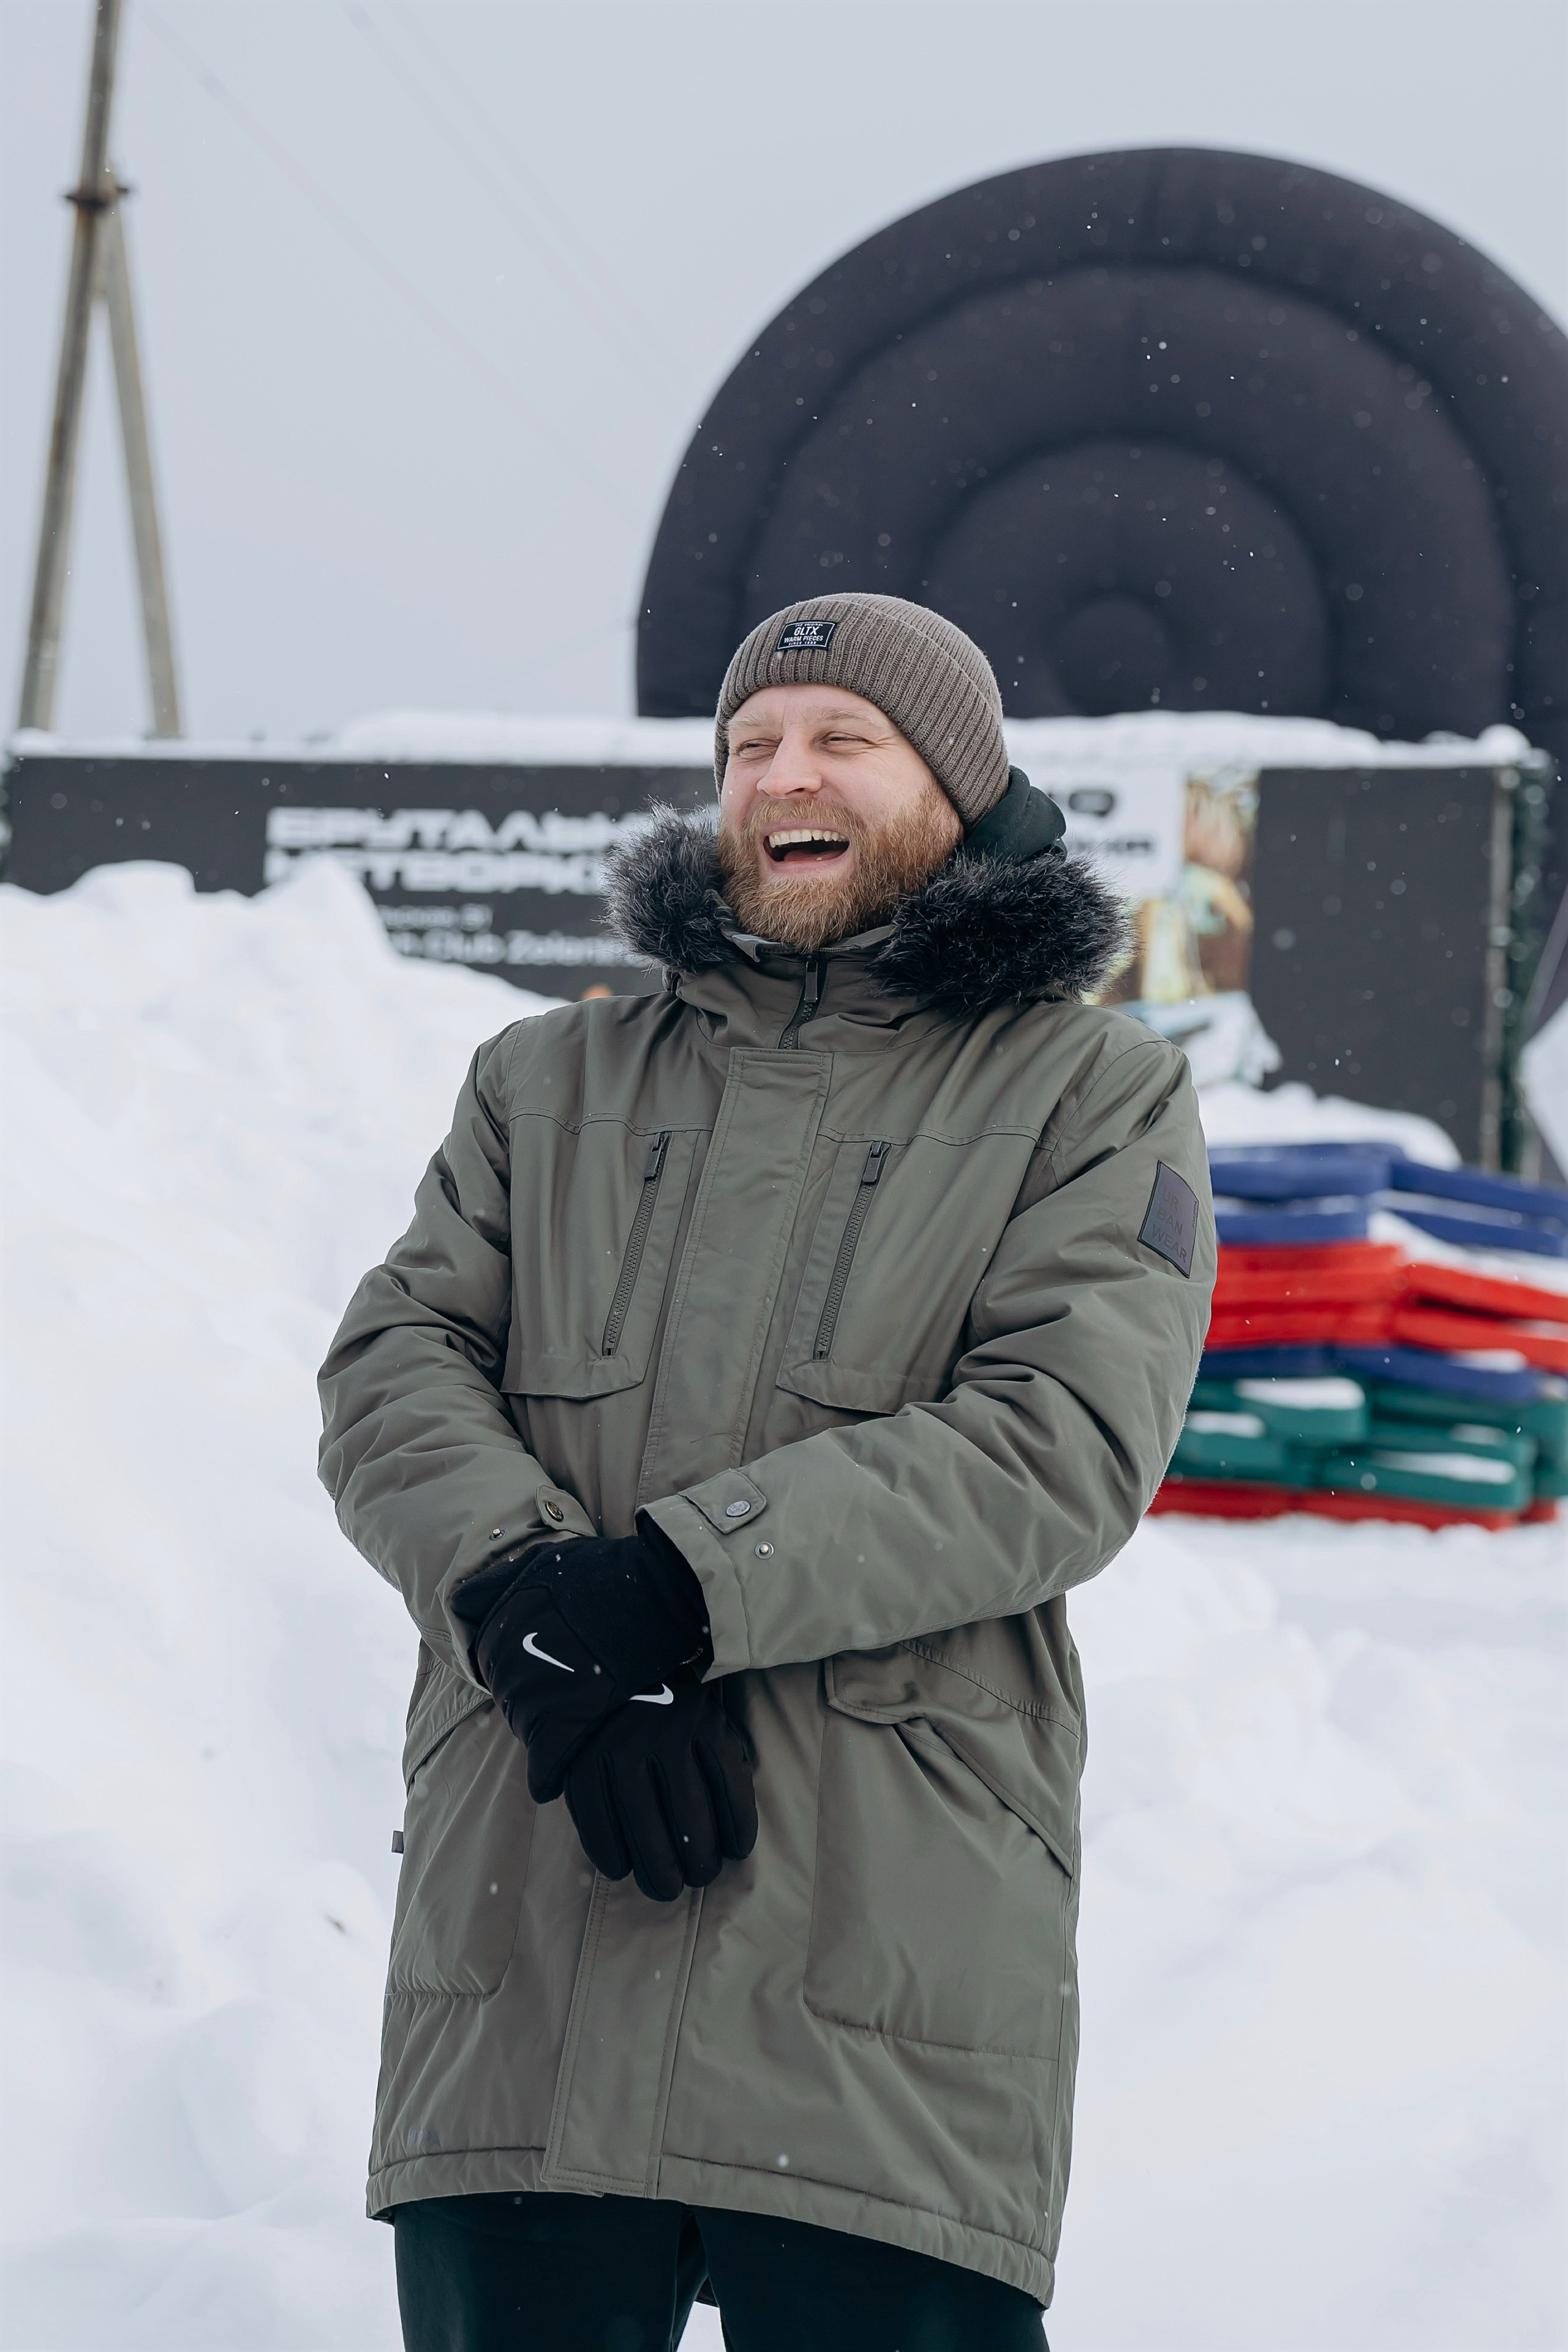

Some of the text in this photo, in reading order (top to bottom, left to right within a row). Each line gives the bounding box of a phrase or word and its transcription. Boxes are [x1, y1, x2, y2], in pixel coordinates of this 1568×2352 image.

[794, 626, 820, 636] GLTX
[1157, 1209, 1183, 1236] BAN
[1152, 1224, 1187, 1264] WEAR
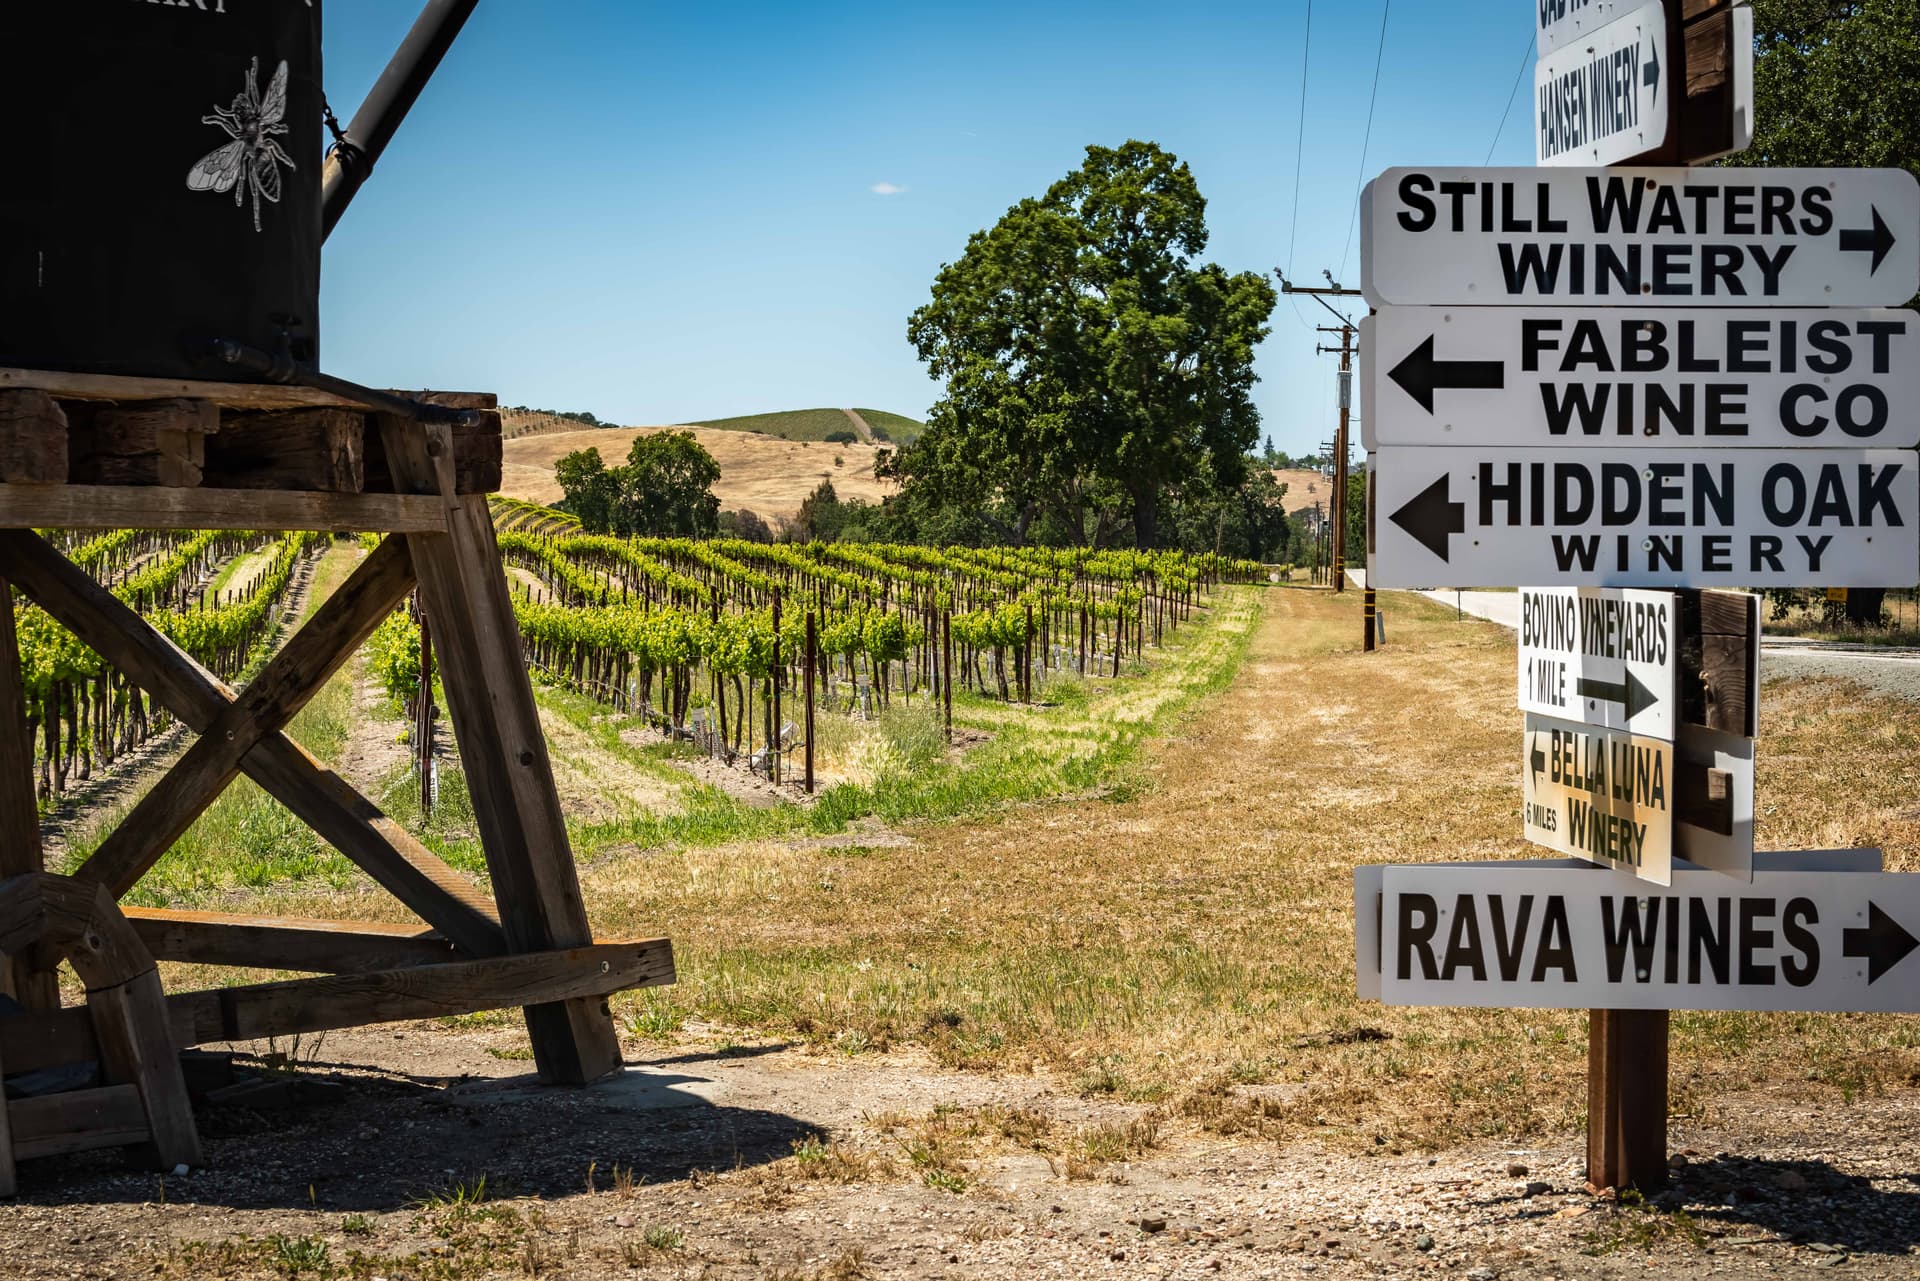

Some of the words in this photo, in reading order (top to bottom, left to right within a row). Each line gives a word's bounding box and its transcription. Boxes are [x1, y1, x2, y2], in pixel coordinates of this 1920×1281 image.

[1540, 65, 1588, 160] HANSEN
[1589, 41, 1640, 141] WINERY
[1396, 173, 1568, 233] STILL
[1585, 176, 1834, 237] WATERS
[1497, 242, 1797, 297] WINERY
[1521, 319, 1907, 375] FABLEIST
[1539, 382, 1749, 437] WINE
[1779, 383, 1889, 438] CO
[1478, 462, 1735, 527] HIDDEN
[1761, 462, 1905, 528] OAK
[1551, 534, 1834, 572] WINERY
[1523, 592, 1576, 653] BOVINO
[1579, 596, 1667, 666] VINEYARDS
[1528, 657, 1533, 701] 1
[1537, 658, 1566, 707] MILE
[1551, 728, 1606, 796] BELLA
[1611, 741, 1666, 811] LUNA
[1526, 801, 1532, 824] 6
[1532, 803, 1557, 833] MILES
[1568, 796, 1647, 868] WINERY
[1397, 892, 1578, 983] RAVA
[1599, 895, 1821, 988] WINES
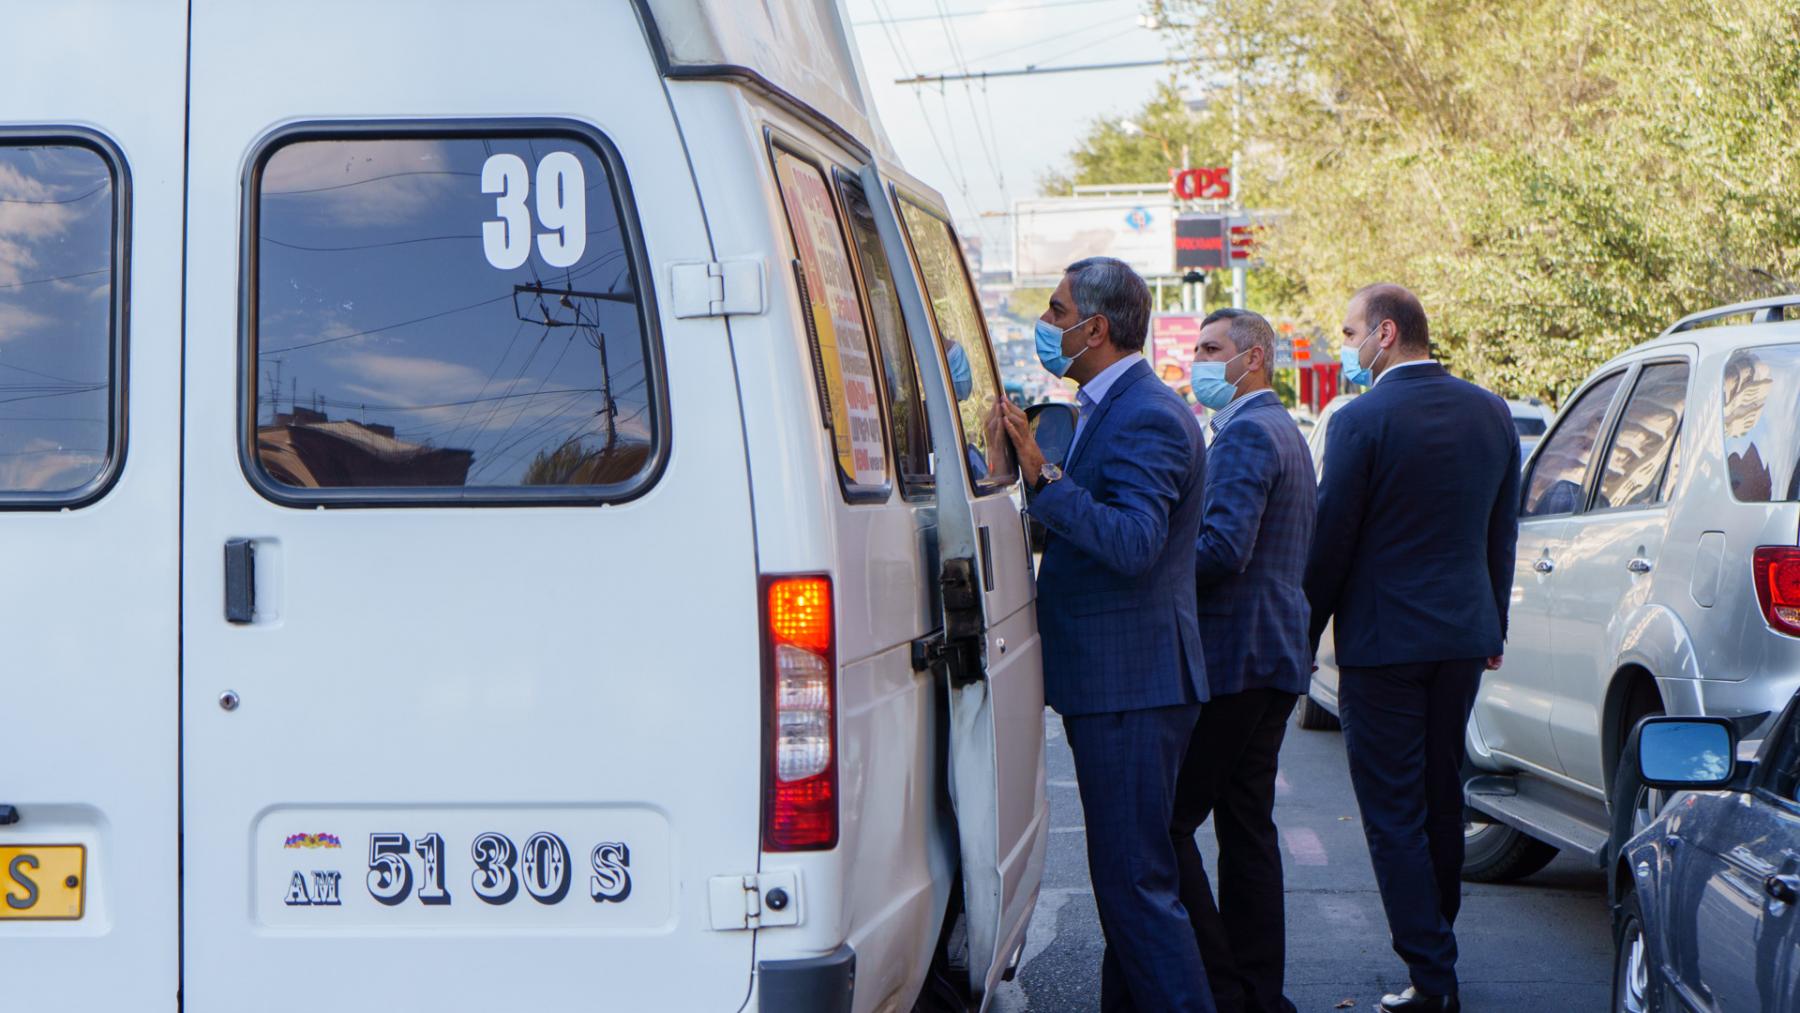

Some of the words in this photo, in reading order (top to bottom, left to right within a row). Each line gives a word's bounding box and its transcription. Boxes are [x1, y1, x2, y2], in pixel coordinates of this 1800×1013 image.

[481, 151, 587, 270] 39
[1175, 167, 1231, 200] CPS
[6, 854, 40, 910] S
[284, 871, 342, 906] AM
[366, 832, 452, 907] 51
[471, 831, 572, 907] 30
[590, 842, 632, 904] S

---------------

Task to complete —
Could the material above be given again exactly, pictures excluded?

Solution —
Some of the text in this photo, in reading order (top to bottom, left to right within a row). Each line gives the bounding box of a phrase or word and its transcription. Boxes are [x1, y1, x2, y2], in pixel coordinates of this 1568×2352 image.

[794, 626, 820, 636] GLTX
[1157, 1209, 1183, 1236] BAN
[1152, 1224, 1187, 1264] WEAR

Some of the words in this photo, in reading order (top to bottom, left to right within a row). Each line gives a word's bounding box and its transcription. Boxes are [x1, y1, x2, y2], in pixel coordinates of this 1920×1281 image.

[1540, 65, 1588, 160] HANSEN
[1589, 41, 1640, 141] WINERY
[1396, 173, 1568, 233] STILL
[1585, 176, 1834, 237] WATERS
[1497, 242, 1797, 297] WINERY
[1521, 319, 1907, 375] FABLEIST
[1539, 382, 1749, 437] WINE
[1779, 383, 1889, 438] CO
[1478, 462, 1735, 527] HIDDEN
[1761, 462, 1905, 528] OAK
[1551, 534, 1834, 572] WINERY
[1523, 592, 1576, 653] BOVINO
[1579, 596, 1667, 666] VINEYARDS
[1528, 657, 1533, 701] 1
[1537, 658, 1566, 707] MILE
[1551, 728, 1606, 796] BELLA
[1611, 741, 1666, 811] LUNA
[1526, 801, 1532, 824] 6
[1532, 803, 1557, 833] MILES
[1568, 796, 1647, 868] WINERY
[1397, 892, 1578, 983] RAVA
[1599, 895, 1821, 988] WINES

Some of the words in this photo, in reading order (top to bottom, left to right within a row). Each line gives a word's bounding box and its transcription. Boxes are [x1, y1, x2, y2], in pixel coordinates of this 1800×1013 image.

[481, 151, 587, 270] 39
[1175, 167, 1231, 200] CPS
[6, 854, 40, 910] S
[284, 871, 342, 906] AM
[366, 832, 452, 907] 51
[471, 831, 572, 907] 30
[590, 842, 632, 904] S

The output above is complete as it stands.